Mixture Problem... An auto tech needs a radiator to
have a 40% antifreeze solution. The radiator currently
is filled with 4 gallons of a 25% antifreeze solution.
How much of the antifreeze mixture should be
drained from the car if the mechanic replaces it with
pure antifreeze?
If he drains x gallons, then
.25(4-x) + 1.00x = .40(4)
1 - .25x + x = 1.6
.75x = .6
x = .8
So, after draining .8 gals, he has 3.2 gals of 25% antifreeze. That means he has .8 gals of antifreeze in the radiator.
Now he adds .8 gals of pure antifreeze. Then he has 1.6 gals of antifreeze in 4 gals of mixture. That's .16/4 = 40% antifreeze.
To solve this mixture problem, we can use the concept of the equation: (amount of pure substance in new mixture) = (amount of pure substance in original mixture).
Let's break down the problem into steps:
Step 1: Determine the original amount of antifreeze in the radiator.

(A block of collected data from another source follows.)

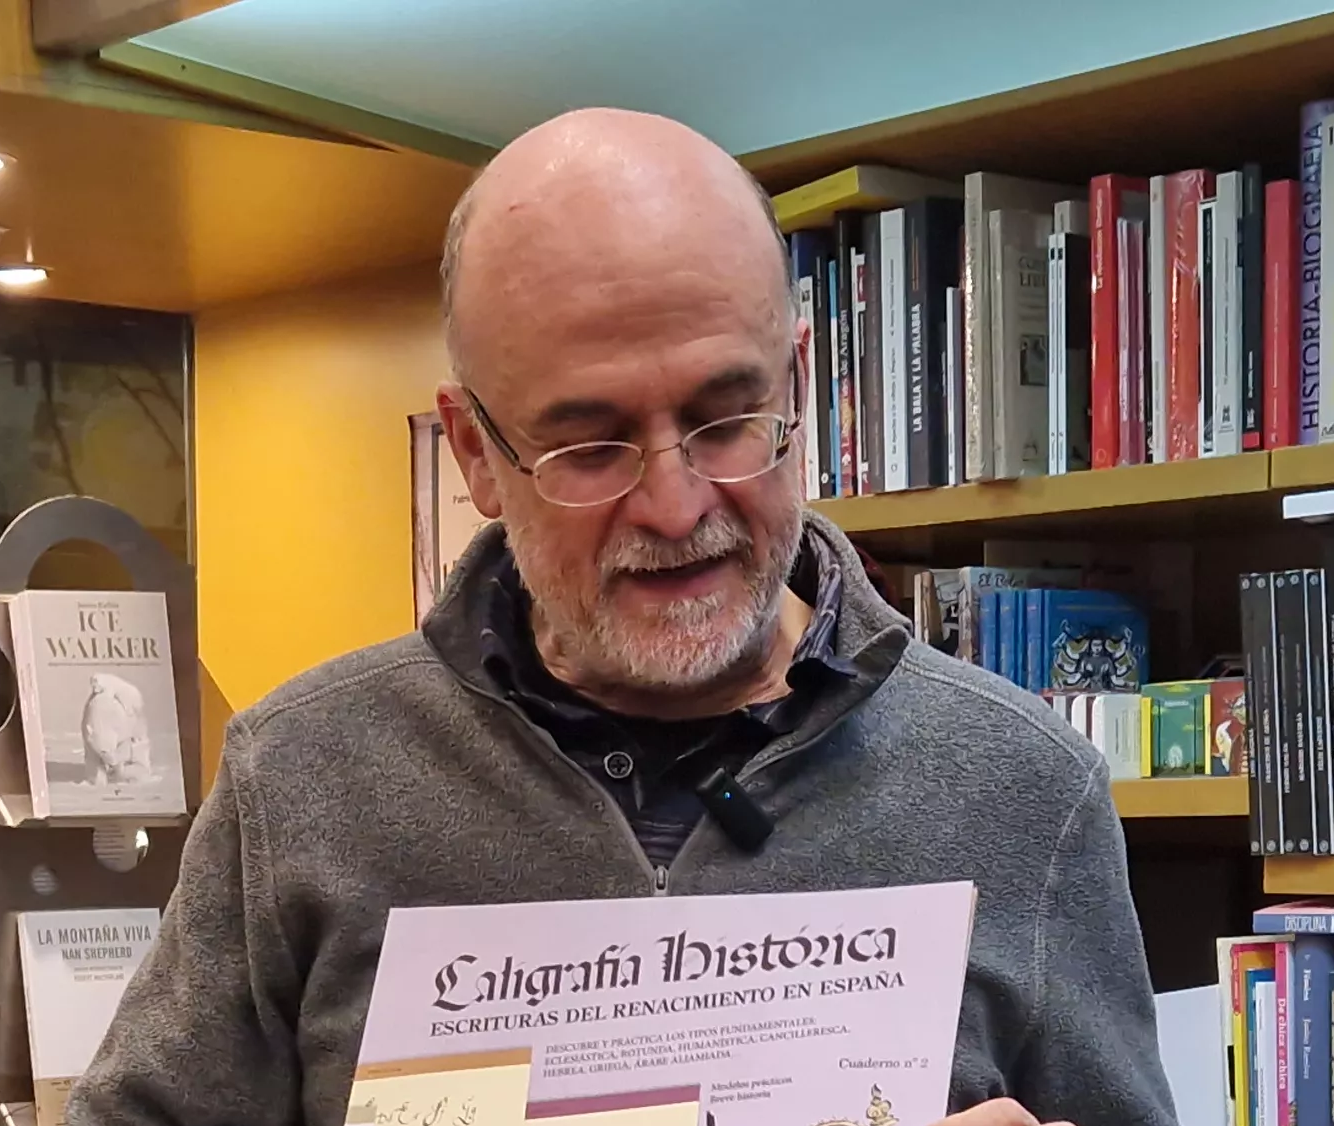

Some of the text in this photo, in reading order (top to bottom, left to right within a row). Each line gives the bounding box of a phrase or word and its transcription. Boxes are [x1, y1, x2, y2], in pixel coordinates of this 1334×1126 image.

[911, 356, 922, 373] LA
[912, 415, 923, 433] LA
[78, 610, 123, 632] ICE
[46, 637, 159, 659] WALKER
[37, 924, 152, 945] LA MONTAÑA VIVA
[84, 946, 132, 960] SHEPHERD
[432, 924, 897, 1012] Caligrafía Histórica
[429, 970, 906, 1037] ESCRITURAS DEL RENACIMIENTO EN ESPAÑA
[546, 1026, 719, 1055] DESCUBRE LOS TIPOS
[838, 1057, 901, 1069] Cuaderno
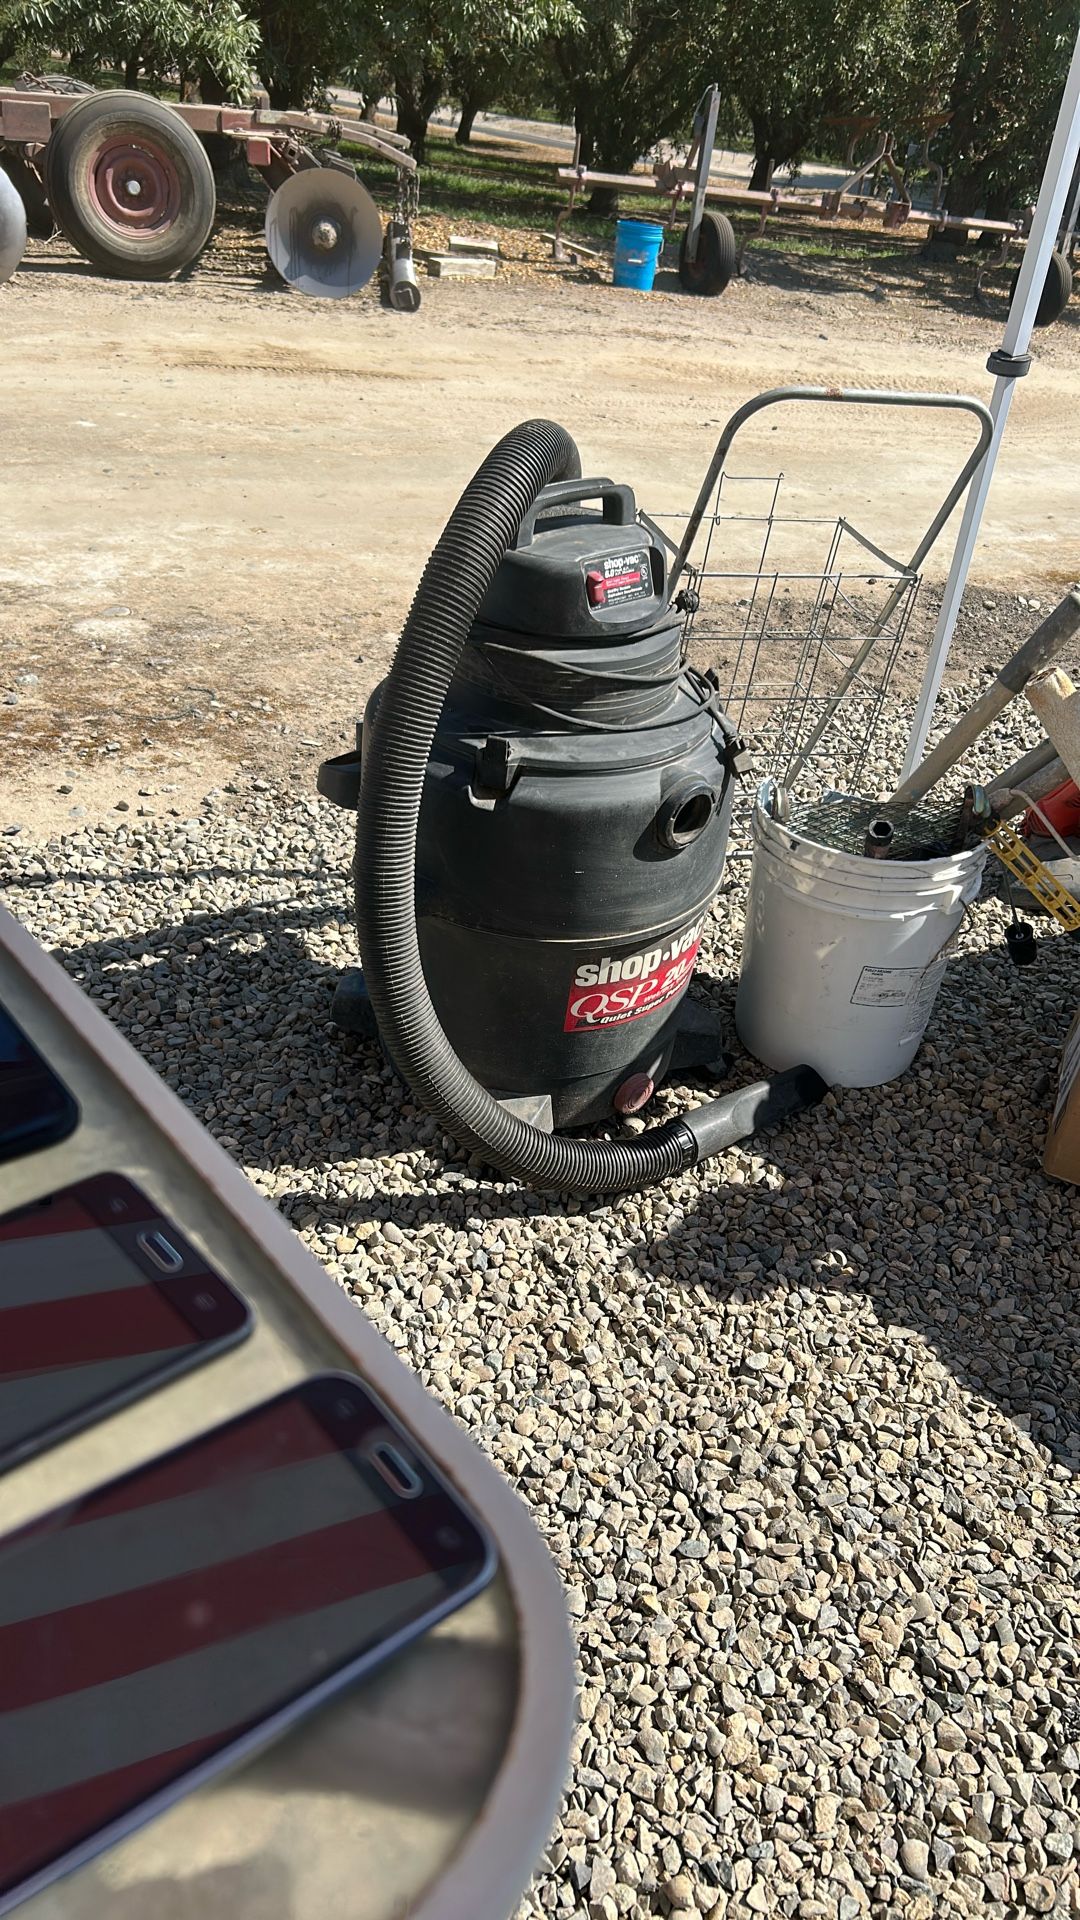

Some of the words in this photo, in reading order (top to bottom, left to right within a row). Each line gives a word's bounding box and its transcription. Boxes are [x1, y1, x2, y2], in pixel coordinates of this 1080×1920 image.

[570, 979, 658, 1024] QSP
[599, 1010, 632, 1024] Quiet
[634, 996, 665, 1015] Super

The original mixture in the radiator is 4 gallons of a 25% antifreeze solution. We can calculate the original amount of antifreeze in the mixture by multiplying the volume of the mixture (4 gallons) by the percentage of antifreeze (25%).
Original amount of antifreeze = 4 gallons * 0.25 = 1 gallon of antifreeze
Step 2: Determine the desired amount of antifreeze in the new mixture.

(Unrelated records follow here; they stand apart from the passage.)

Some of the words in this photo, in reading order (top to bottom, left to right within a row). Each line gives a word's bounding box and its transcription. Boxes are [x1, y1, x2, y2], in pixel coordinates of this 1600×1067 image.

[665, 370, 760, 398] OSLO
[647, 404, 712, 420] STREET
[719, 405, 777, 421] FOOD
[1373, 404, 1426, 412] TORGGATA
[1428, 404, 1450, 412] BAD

The mechanic wants the final mixture to contain a 40% antifreeze solution. Since the pure antifreeze has a concentration of 100%, the desired amount of antifreeze in the new mixture will be the same as the volume of the mixture (the amount to be drained).

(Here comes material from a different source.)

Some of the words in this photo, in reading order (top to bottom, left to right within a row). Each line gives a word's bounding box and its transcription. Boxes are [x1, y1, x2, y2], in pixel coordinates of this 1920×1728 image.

Desired amount of antifreeze = Volume of mixture to be drained
Step 3: Set up the equation using the concept mentioned before.
(amount of pure substance in new mixture) = (amount of pure substance in original mixture)
Desired amount of antifreeze = Original amount of antifreeze
Step 4: Solve the equation to find the volume of the mixture to be drained.
Desired amount of antifreeze = Original amount of antifreeze
Volume of mixture to be drained = 1 gallon
Therefore, the mechanic should drain 1 gallon of the antifreeze mixture from the car and replace it with 1 gallon of pure antifreeze.